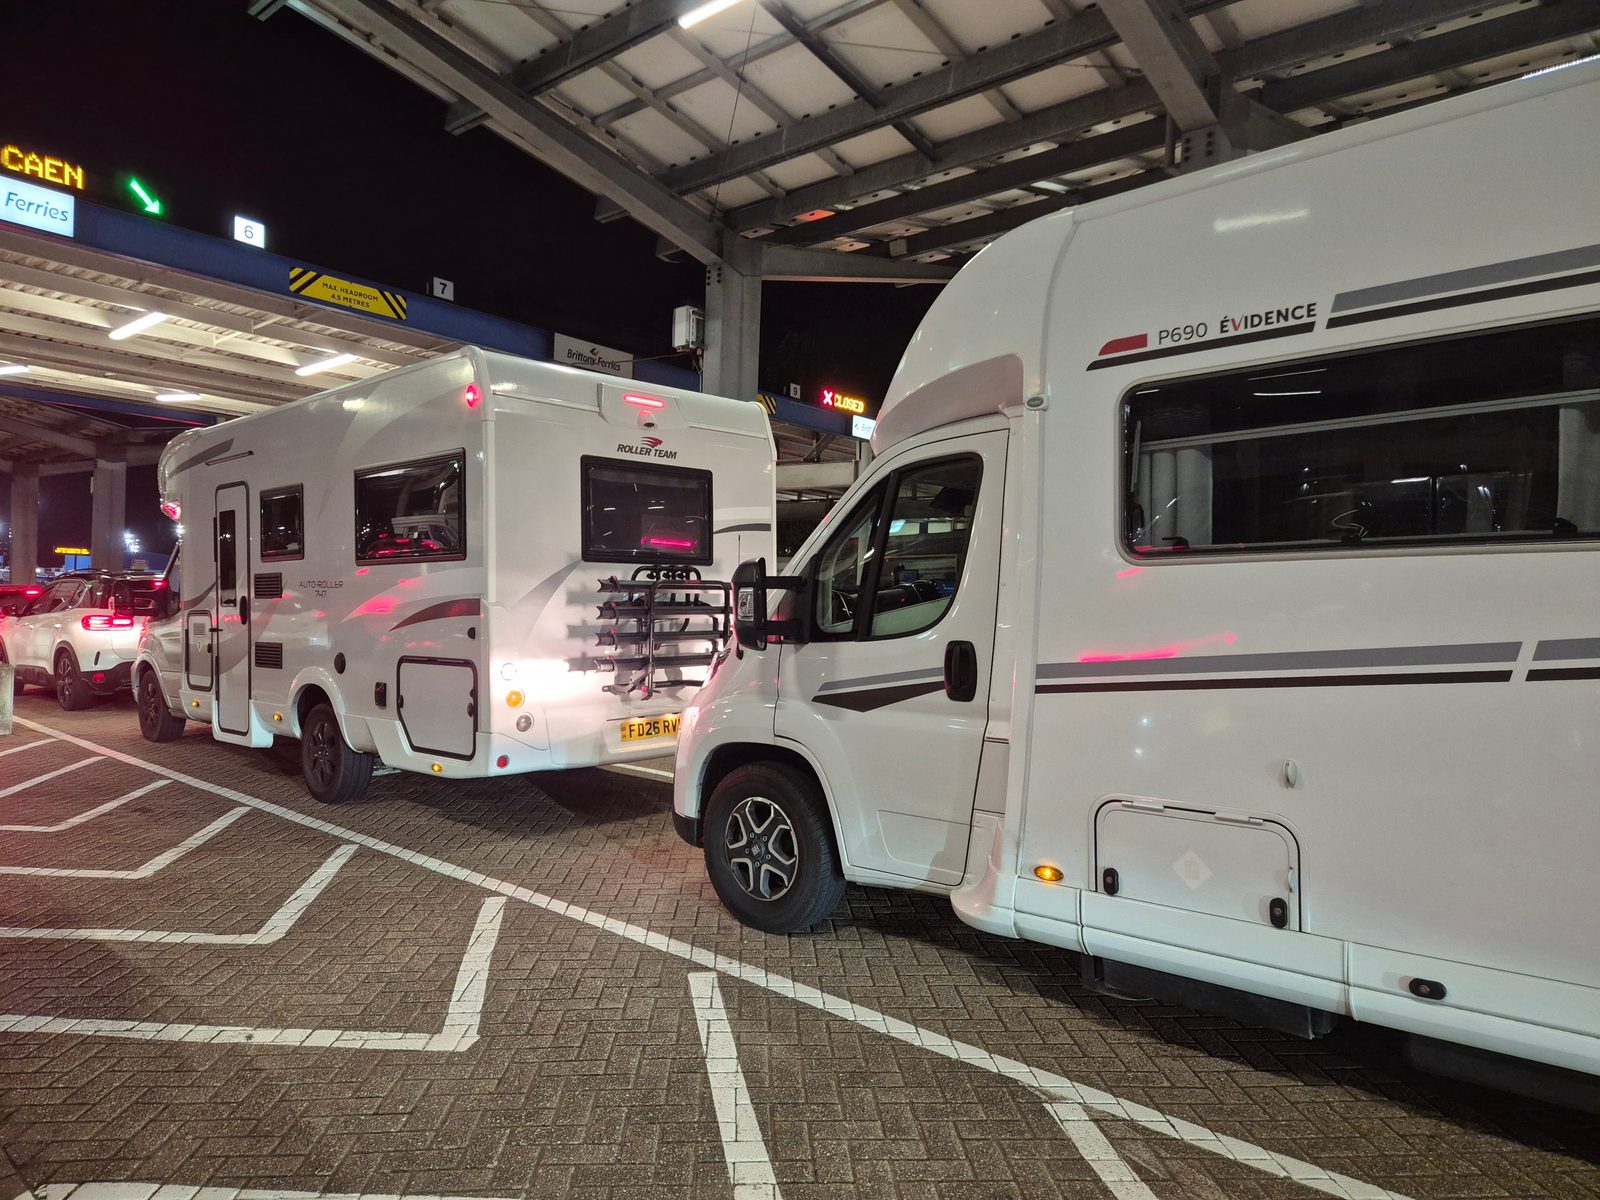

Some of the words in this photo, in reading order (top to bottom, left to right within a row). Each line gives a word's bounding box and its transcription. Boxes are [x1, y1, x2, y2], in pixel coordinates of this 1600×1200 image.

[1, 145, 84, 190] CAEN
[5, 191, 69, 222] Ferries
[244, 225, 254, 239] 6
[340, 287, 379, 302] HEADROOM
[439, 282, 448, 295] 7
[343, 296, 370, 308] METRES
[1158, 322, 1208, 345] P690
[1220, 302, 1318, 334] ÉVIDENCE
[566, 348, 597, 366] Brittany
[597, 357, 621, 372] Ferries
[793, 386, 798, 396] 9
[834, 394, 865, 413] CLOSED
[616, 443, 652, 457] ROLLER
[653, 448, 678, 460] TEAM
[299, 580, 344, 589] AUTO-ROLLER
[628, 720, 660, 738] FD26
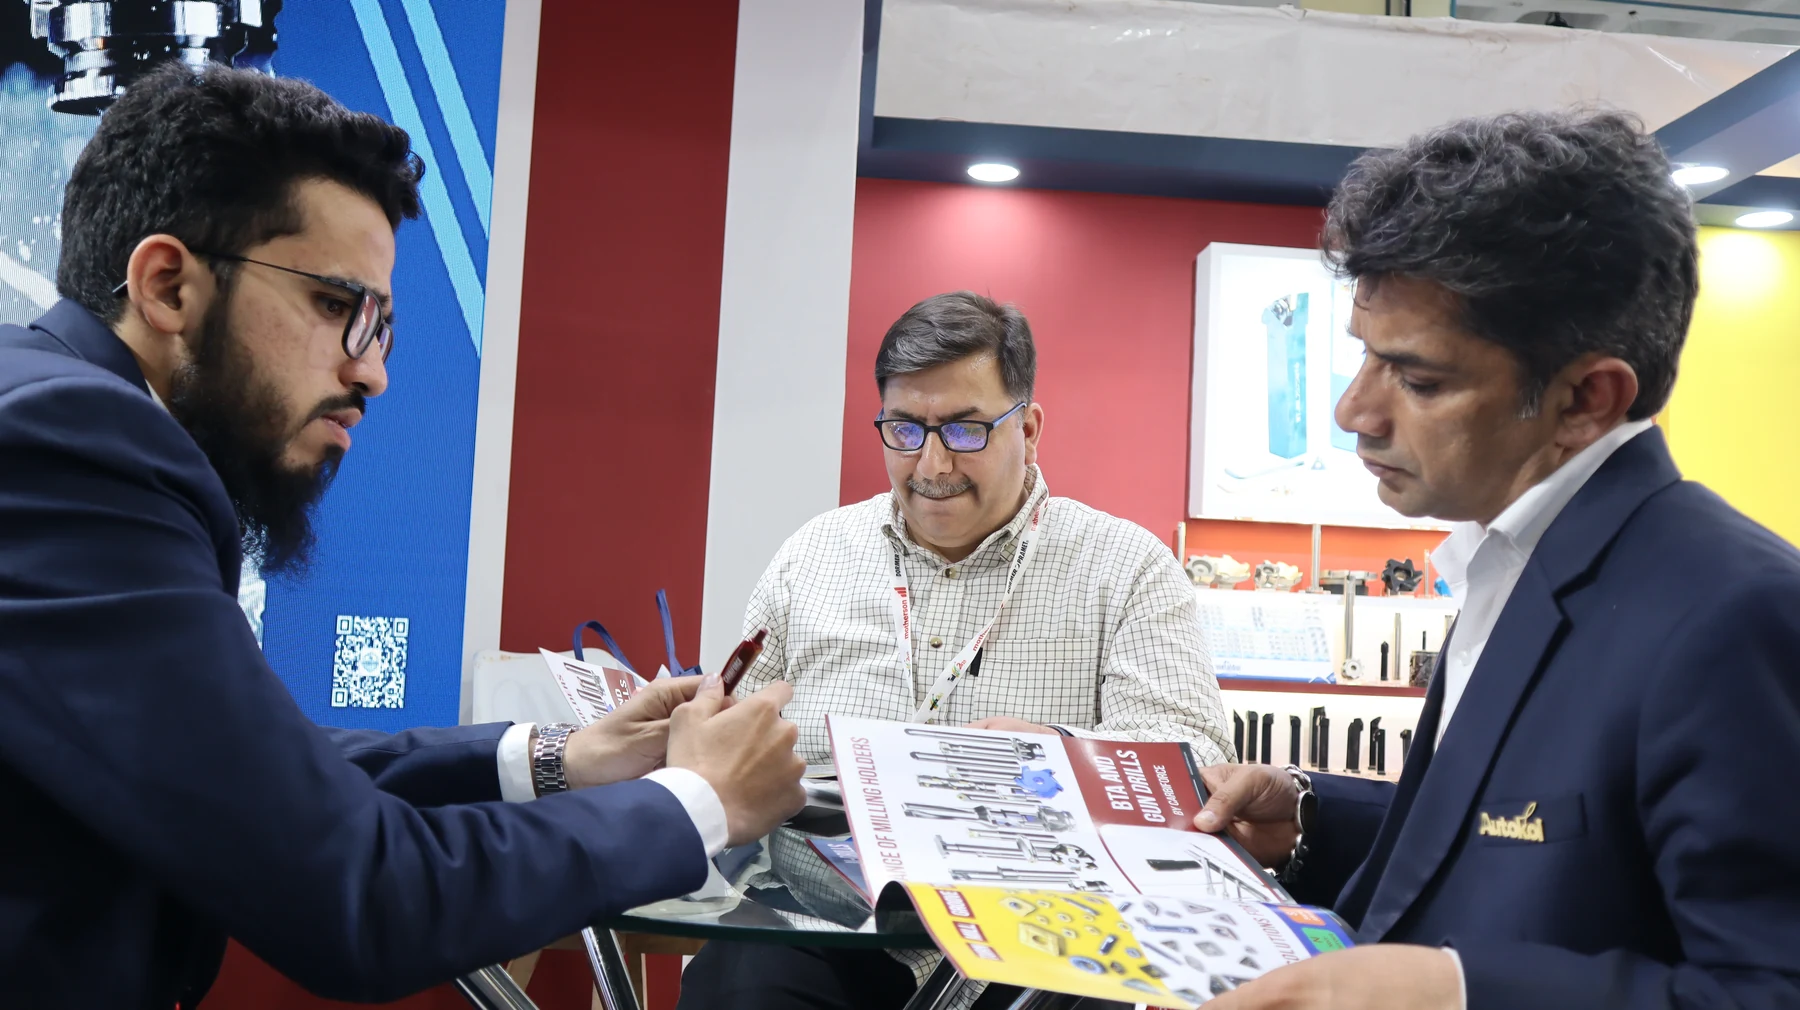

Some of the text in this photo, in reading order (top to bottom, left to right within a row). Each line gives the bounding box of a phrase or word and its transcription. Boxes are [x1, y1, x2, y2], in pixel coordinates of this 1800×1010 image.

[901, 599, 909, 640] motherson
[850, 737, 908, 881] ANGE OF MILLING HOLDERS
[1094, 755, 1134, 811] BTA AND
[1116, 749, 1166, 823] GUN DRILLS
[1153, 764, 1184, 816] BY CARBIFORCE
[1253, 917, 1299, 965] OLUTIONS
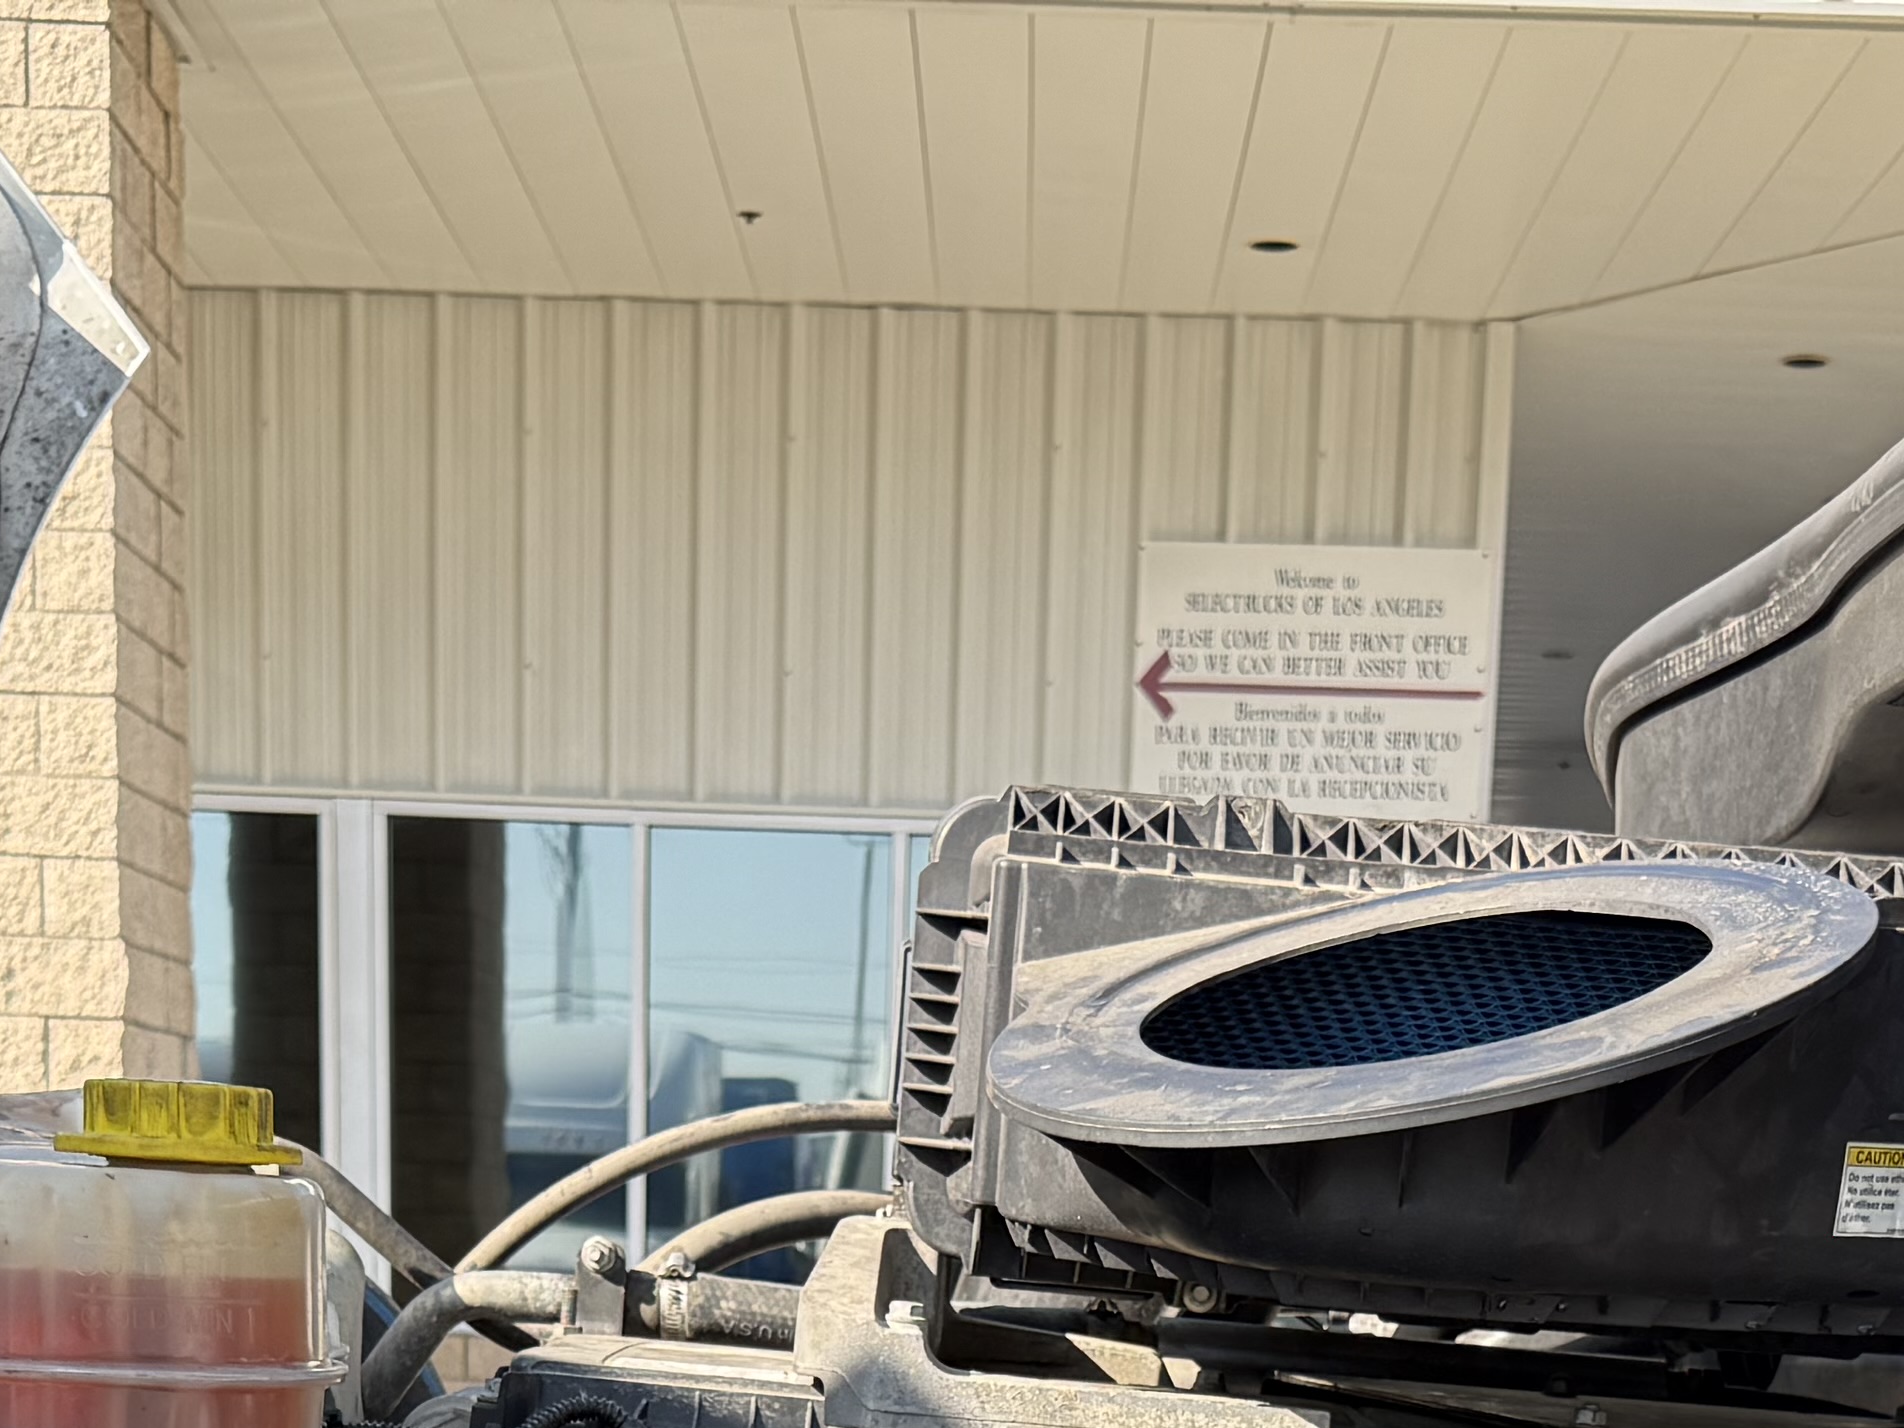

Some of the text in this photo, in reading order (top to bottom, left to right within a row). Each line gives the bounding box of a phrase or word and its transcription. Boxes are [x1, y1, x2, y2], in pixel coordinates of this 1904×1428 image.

##########

» **What you will do**
Please give again, word for word, the lines from the one containing "this 1800×1010 image." through the last line of the listing above, inclusive, and leave out pictures.

» **Result of the exercise**
Some of the text in this photo, in reading order (top to bottom, left to right within a row). Each line gives the bounding box of a phrase or word and its transcription. Boxes are [x1, y1, x2, y2], in pixel coordinates of this 1800×1010 image.

[901, 599, 909, 640] motherson
[850, 737, 908, 881] ANGE OF MILLING HOLDERS
[1094, 755, 1134, 811] BTA AND
[1116, 749, 1166, 823] GUN DRILLS
[1153, 764, 1184, 816] BY CARBIFORCE
[1253, 917, 1299, 965] OLUTIONS

Some of the text in this photo, in reading order (top to bottom, left to right within a row). Each line gives the bounding box of a phrase or word and its transcription. Boxes are [x1, y1, x2, y2], in pixel coordinates of this 1904×1428 image.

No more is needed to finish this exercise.